Records from a data source:
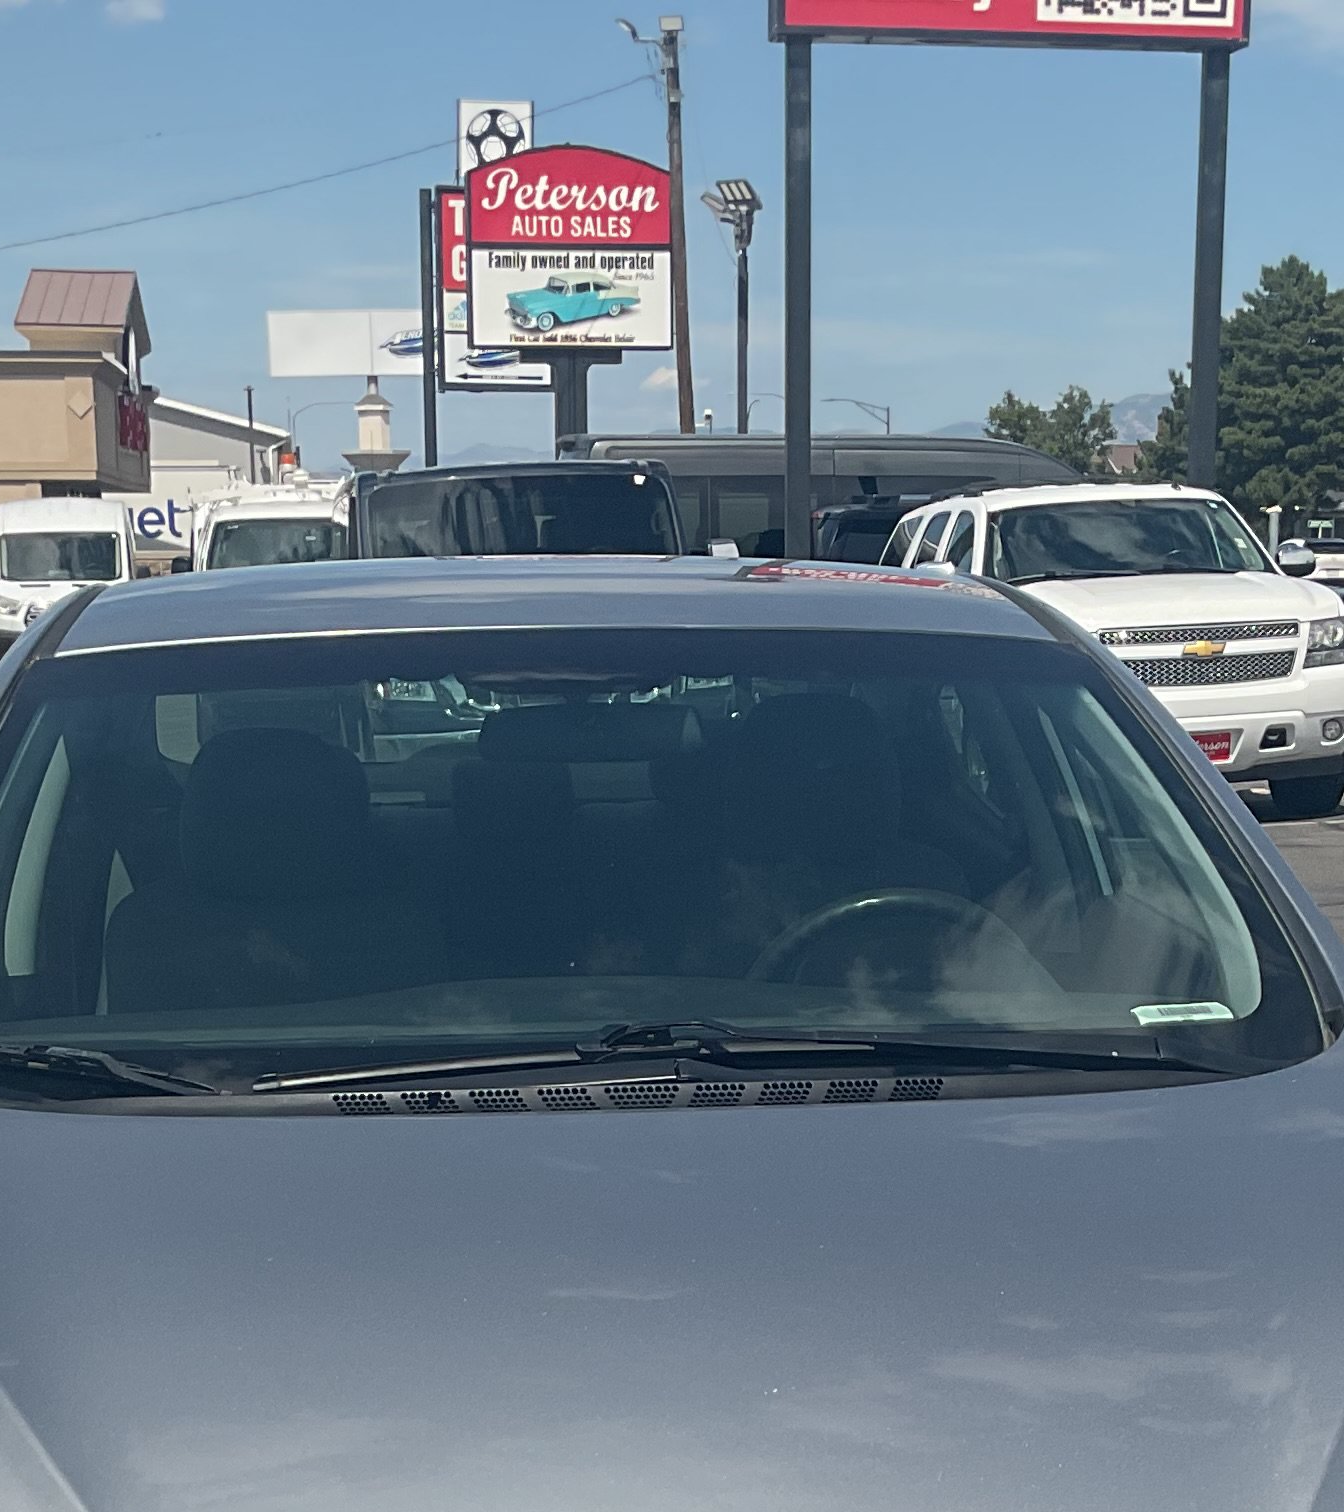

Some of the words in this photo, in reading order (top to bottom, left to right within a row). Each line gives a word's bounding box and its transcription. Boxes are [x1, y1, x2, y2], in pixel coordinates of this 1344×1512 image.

[481, 167, 660, 213] Peterson
[511, 216, 563, 237] AUTO
[570, 216, 632, 238] SALES
[488, 251, 526, 272] Family
[531, 252, 570, 269] owned
[574, 252, 596, 269] and
[600, 252, 654, 273] operated

Task objective:
Copy out all the data exactly, skipping the pictures.

Output below:
Some of the words in this photo, in reading order (top to bottom, left to right within a row). Each line gives a word's bounding box and its transcription. Boxes are [x1, y1, x2, y2], in pixel coordinates of this 1344×1512 image.

[481, 167, 660, 213] Peterson
[511, 216, 563, 237] AUTO
[570, 216, 632, 238] SALES
[488, 251, 526, 272] Family
[531, 252, 570, 269] owned
[574, 252, 596, 269] and
[600, 252, 654, 273] operated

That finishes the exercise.